#### Aim of the task:
Skip every line before the one containing "this 1333×1868 image.", then copy that line and the rest of the entries below exactly, through the last line.

#### Data extracts:
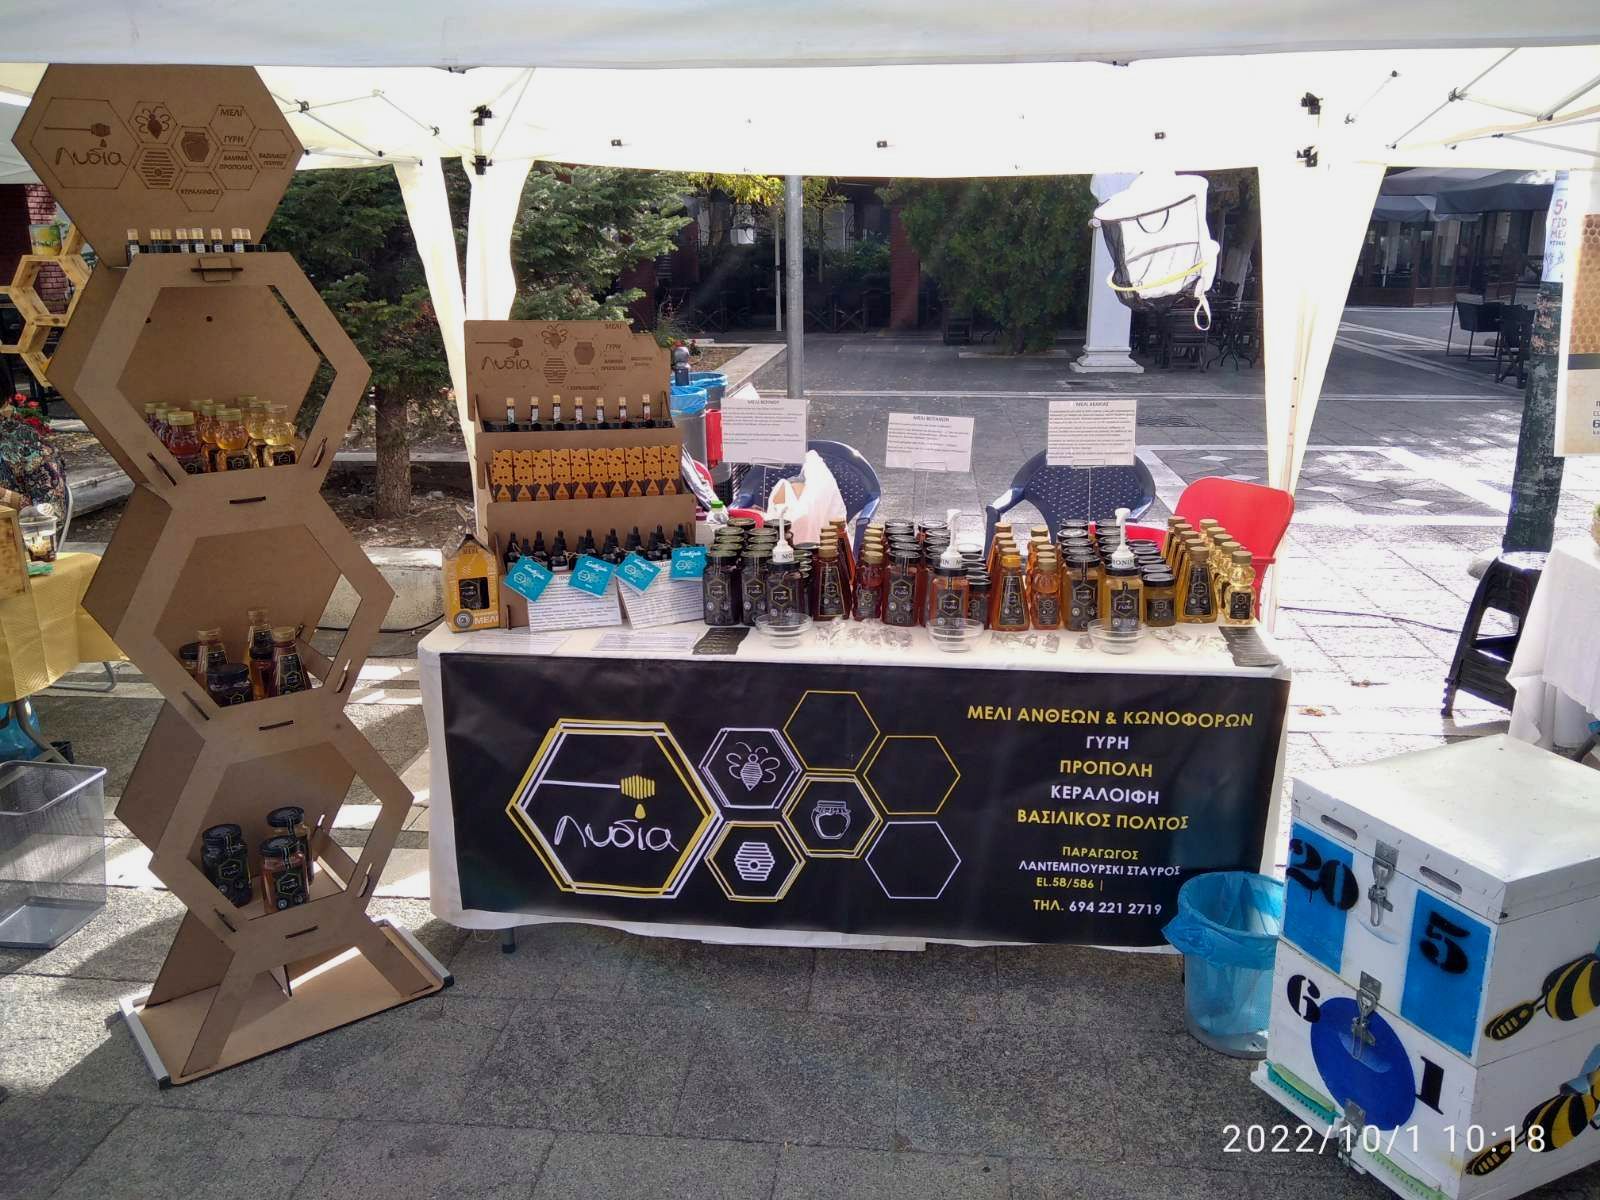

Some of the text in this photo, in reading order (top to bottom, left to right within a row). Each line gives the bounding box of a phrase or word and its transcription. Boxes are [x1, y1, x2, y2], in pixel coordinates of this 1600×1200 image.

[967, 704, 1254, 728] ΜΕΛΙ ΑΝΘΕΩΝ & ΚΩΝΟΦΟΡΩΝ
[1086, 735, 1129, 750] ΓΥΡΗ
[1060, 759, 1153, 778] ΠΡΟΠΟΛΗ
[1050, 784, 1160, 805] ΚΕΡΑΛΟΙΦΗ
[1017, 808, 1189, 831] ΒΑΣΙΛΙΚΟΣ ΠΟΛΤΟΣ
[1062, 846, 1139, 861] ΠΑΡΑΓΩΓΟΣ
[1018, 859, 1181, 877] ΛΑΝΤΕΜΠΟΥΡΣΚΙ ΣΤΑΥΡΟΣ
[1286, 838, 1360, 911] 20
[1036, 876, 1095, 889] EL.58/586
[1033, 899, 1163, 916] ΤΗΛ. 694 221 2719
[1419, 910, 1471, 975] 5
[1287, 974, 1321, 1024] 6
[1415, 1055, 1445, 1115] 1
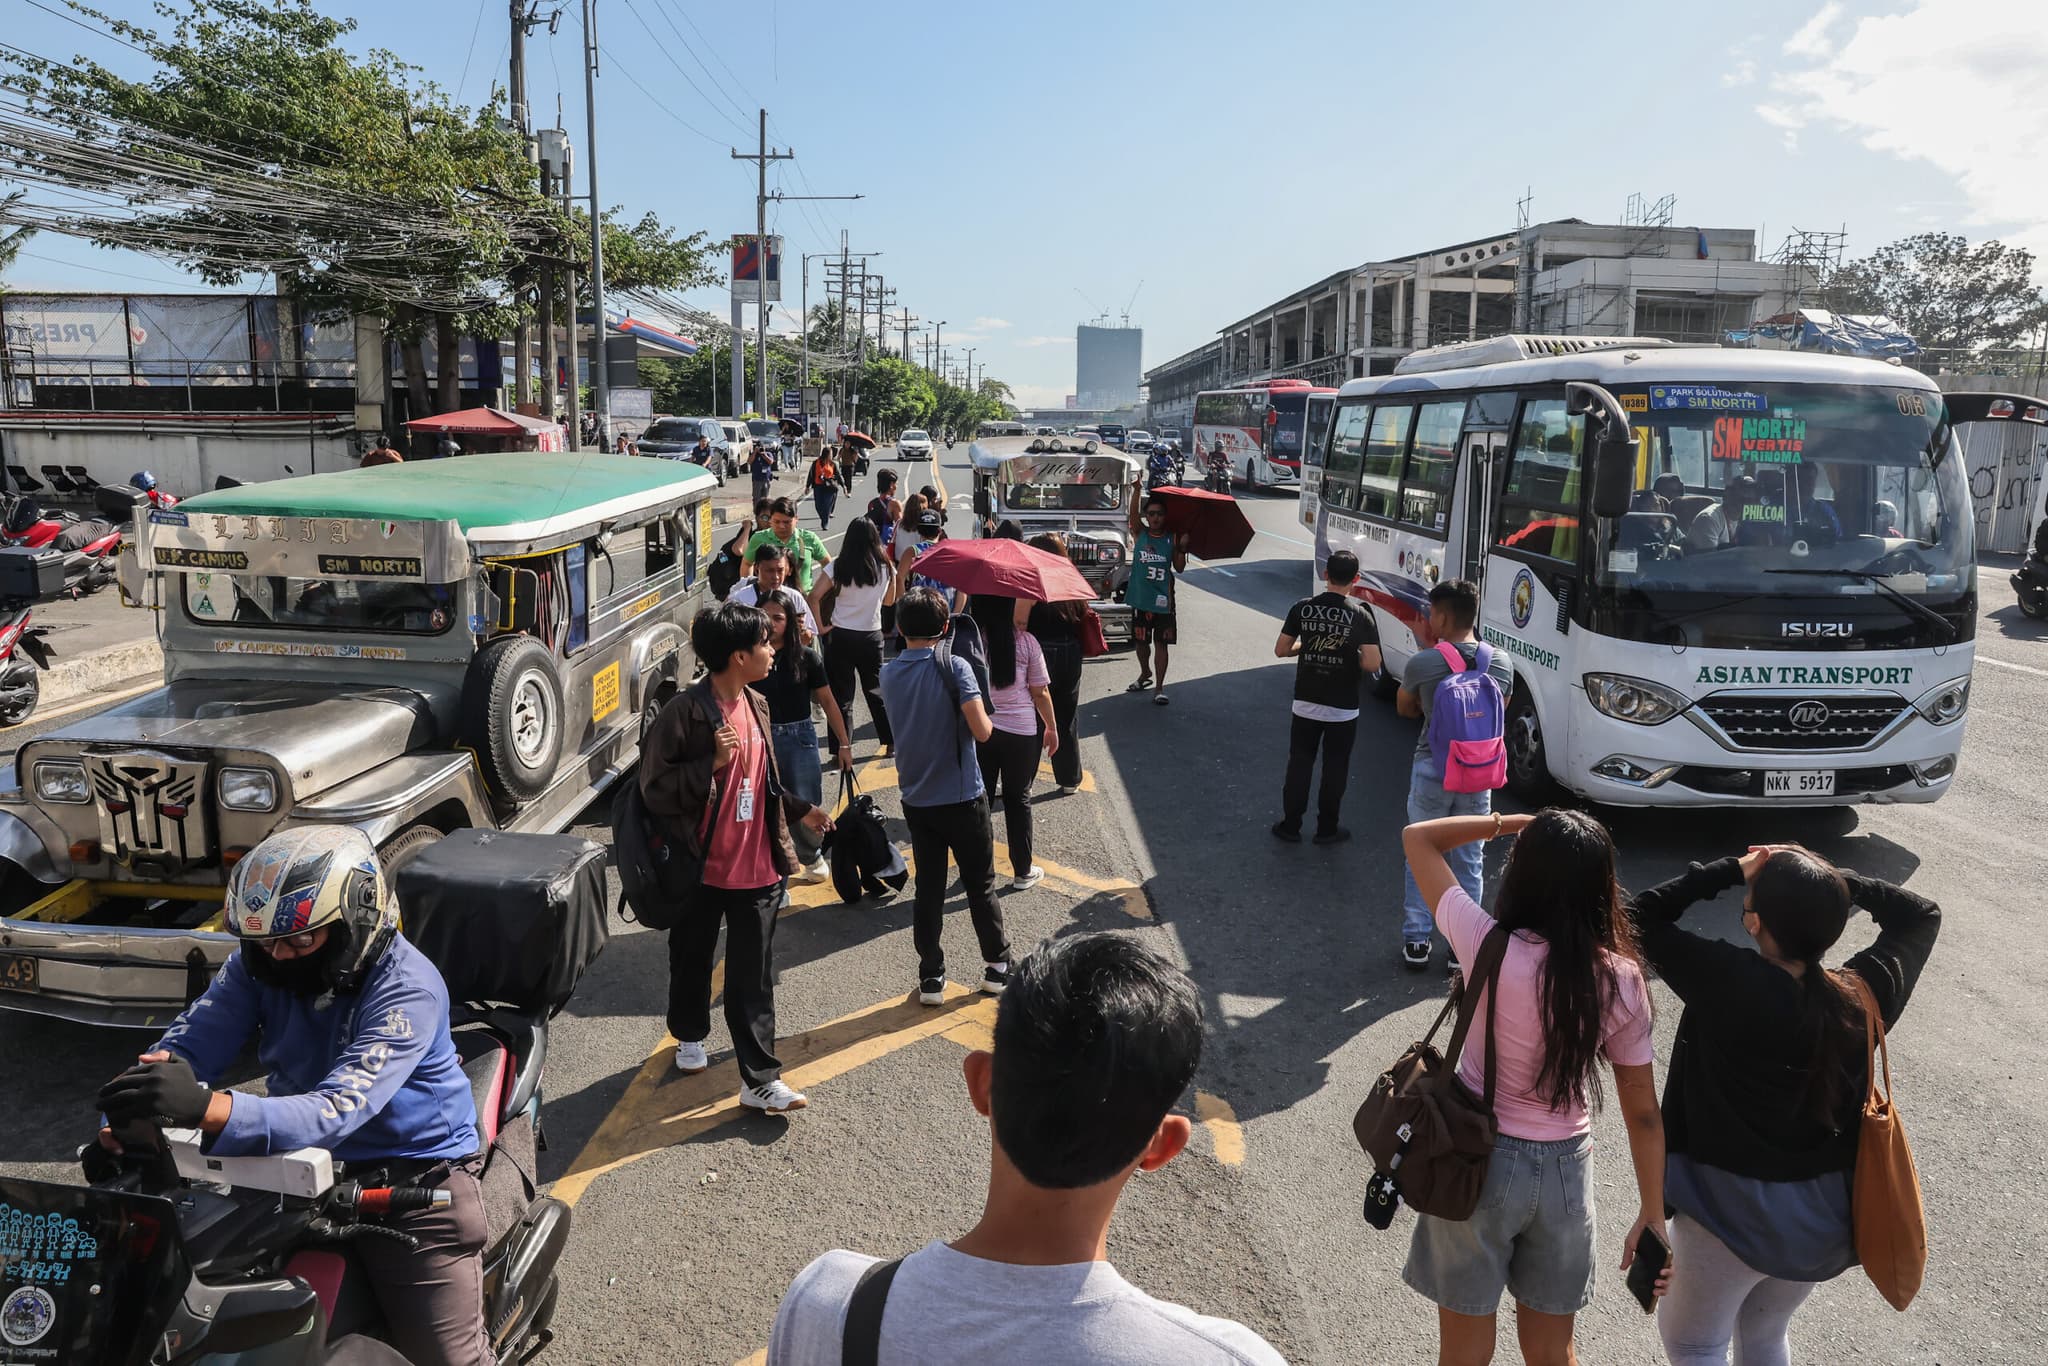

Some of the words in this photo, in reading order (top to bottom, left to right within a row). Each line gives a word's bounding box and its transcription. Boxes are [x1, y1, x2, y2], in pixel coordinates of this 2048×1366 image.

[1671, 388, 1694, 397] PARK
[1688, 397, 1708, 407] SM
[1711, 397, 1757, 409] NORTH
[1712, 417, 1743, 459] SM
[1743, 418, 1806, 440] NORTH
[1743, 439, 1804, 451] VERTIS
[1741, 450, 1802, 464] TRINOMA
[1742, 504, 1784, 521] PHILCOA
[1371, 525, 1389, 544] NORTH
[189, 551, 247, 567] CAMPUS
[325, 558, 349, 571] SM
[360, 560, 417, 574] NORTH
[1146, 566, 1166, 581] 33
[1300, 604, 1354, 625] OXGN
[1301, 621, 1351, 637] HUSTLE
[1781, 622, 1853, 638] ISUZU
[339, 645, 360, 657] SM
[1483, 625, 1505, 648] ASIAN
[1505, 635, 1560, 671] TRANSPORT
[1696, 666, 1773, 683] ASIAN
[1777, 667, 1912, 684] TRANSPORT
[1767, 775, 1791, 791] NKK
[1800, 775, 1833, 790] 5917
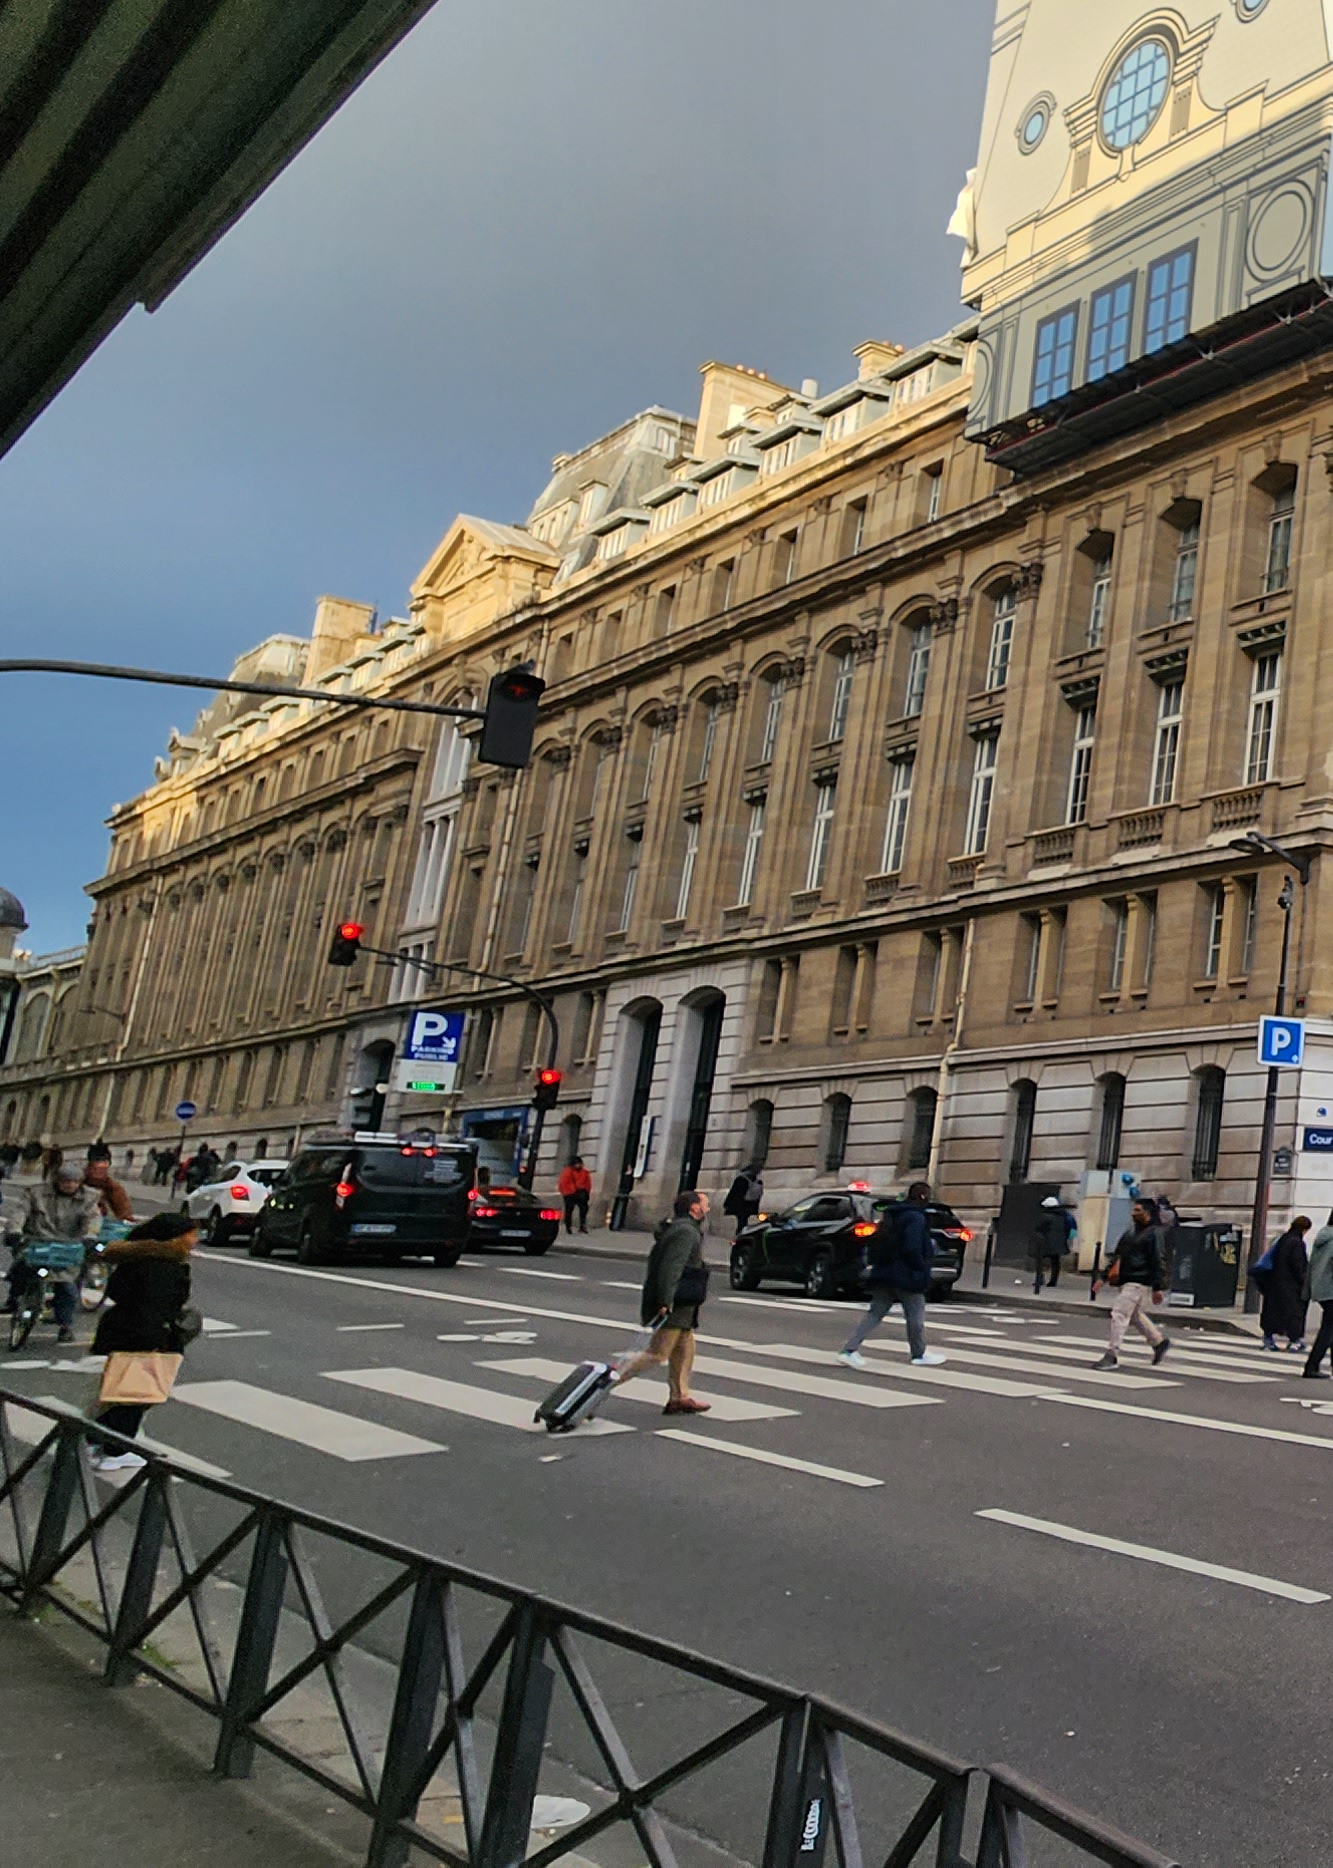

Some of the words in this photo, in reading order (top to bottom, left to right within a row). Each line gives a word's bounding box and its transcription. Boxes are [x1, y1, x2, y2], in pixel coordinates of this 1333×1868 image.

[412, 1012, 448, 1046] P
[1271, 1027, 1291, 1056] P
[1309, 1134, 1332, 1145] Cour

#### Task answer:
Some of the words in this photo, in reading order (top to bottom, left to right within a row). Each line gives a word's bounding box and its transcription. Boxes are [x1, y1, x2, y2], in pixel coordinates of this 1333×1868 image.

[412, 1012, 448, 1046] P
[1271, 1027, 1291, 1056] P
[1309, 1134, 1332, 1145] Cour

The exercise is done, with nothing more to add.